County Executive’s Corner: The State of the County

By Rockland County Executive Ed Day

I had the privilege last week of delivering my fourth State of the County Address.

It was a pleasure to recount the promises I made and the promises I kept to you, the people who elected me.

We have accomplished much, but, as I told the Legislature, we still have a ways to go.

You will remember that I came into office, this county was just about underwater financially.

The deficit I inherited was a staggering $138 million.

The county was only $42,000 away from insolvency.

We could barely make payroll, we were under the threat of state takeover and our bonds were rated as junk.

What a difference three years makes.

Today Rockland County is healthy, energized and invigorated. We are ready and eager to meet the coming year and thereafter.

Here’s how we did it:

We have focused on cutting spending, reorganizing our government and keeping our hands out of the taxpayers’ wallet – all promises I made and promises I kept.

We have been working for three years to transform this county from near bankruptcy with an unsustainable tax-and-spend cycle to what it is today.

We have cut spending 9 percent during the last three years. That’s $67 million of your money. For comparison, the 2017 budget is numerically comparable to our 2008 budget.

And, amazingly, our deficit now stands at a projected $10 million – a 90 percent reduction from when I took office. We are paying down our $96 million deficit finance bond without raising taxes.

By making tough, disciplined decisions about spending we have been able to pay that bill within the structure of our annual operating budget, and avoided imposing a ten year surcharge of an equivalent to a 12 percent tax increase.
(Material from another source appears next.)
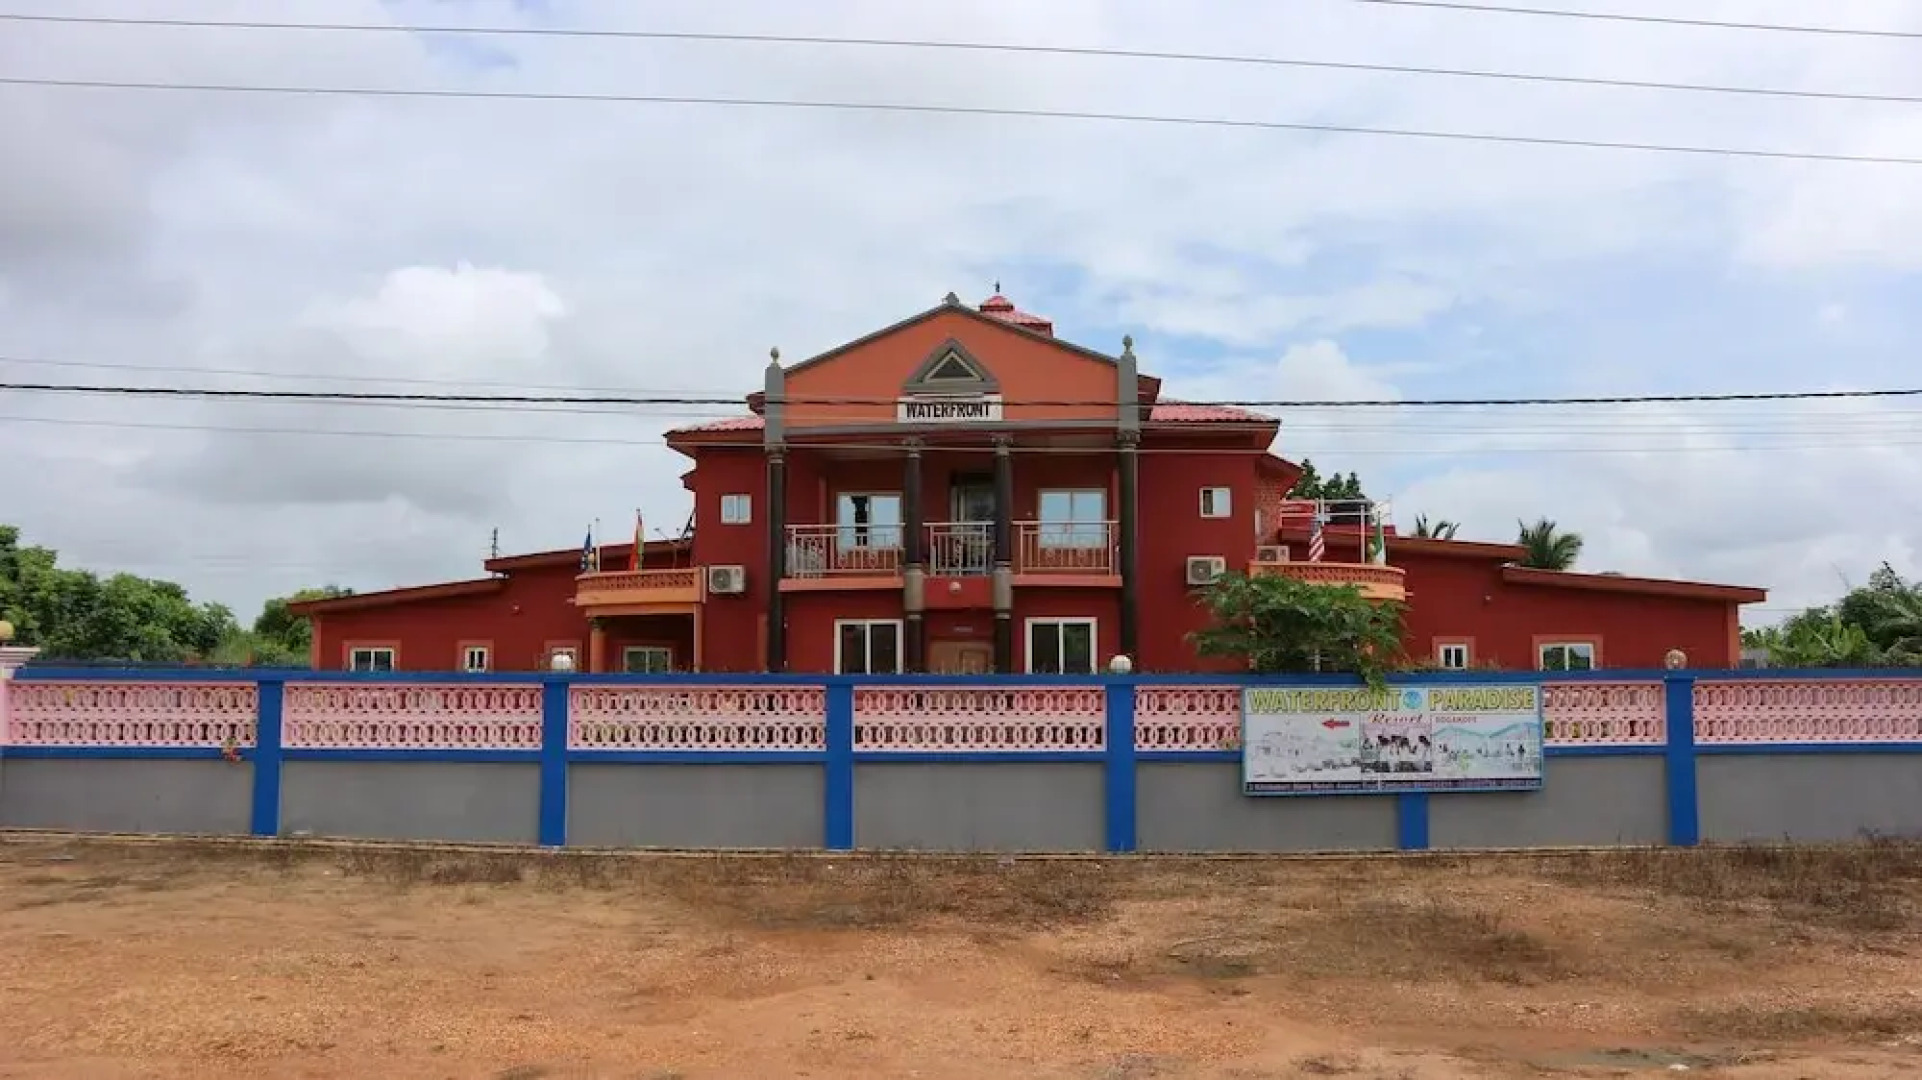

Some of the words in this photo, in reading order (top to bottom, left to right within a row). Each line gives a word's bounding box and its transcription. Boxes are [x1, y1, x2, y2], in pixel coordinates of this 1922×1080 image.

[906, 402, 991, 417] WATERFRONT
[1250, 689, 1401, 713] WATERFRONT
[1429, 689, 1535, 710] PARADISE
If the Legislature approves the sale of the Sain Building to the buyer who has been waiting patiently to pay $4.51 million, we can use that money to reduce our deficit by another 40 percent.

This year we stayed within a stringent state property tax cap of 1.17 percent this year – miraculous when you consider that state mandates, including Medicaid, make up almost all of our budget.

We have reorganized our county government for maximum efficiency — abolishing jobs that are no longer relevant and creating new ones that are. Along the way we have reduced the size of our county government 22 percent.

Imagine that – government getting smaller. And more efficient.

Residents of Rockland County still enjoyed top-rate services, even as we, like all counties in the state, transition from being a direct provider of many services to more of an overseer – contracting with agencies and facilities that can do the work more efficiently and for less money.

We are doing all of this as we right our financial ship.

We are on the right path financially. This past year we came within 8/10ths of one percent of being off the state most fiscally stressed list.

My goal for this year is to get off this list entirely.

We will do that by watching every dime that we spend.

Rockland County is still in deficit – a much smaller deficit than we started with. But a deficit nonetheless.

In other words, our checking account is still overdrawn.

We cannot and will not keep writing checks on an overdrawn account.

That is why we will continue to watch every dime that goes in and out of our county treasury.

We will continue to fight vehemently against the urge to overestimate sales tax revenue projections or relying on non-existent revenue – to make the books look balanced.

Those tactics are precisely how we ran up a $138 million deficit.

That cannot happen again. Not on my watch. And I ask our legislators join me in that endeavor.

Let’s work together to hire an Inspector General to make sure that every cent of taxpayer’s money is spent appropriately.

Let’s finally sell the Sain Building.

And let’s work together to settle our contracts and to safeguard our finances.

The future of Rockland depends on it.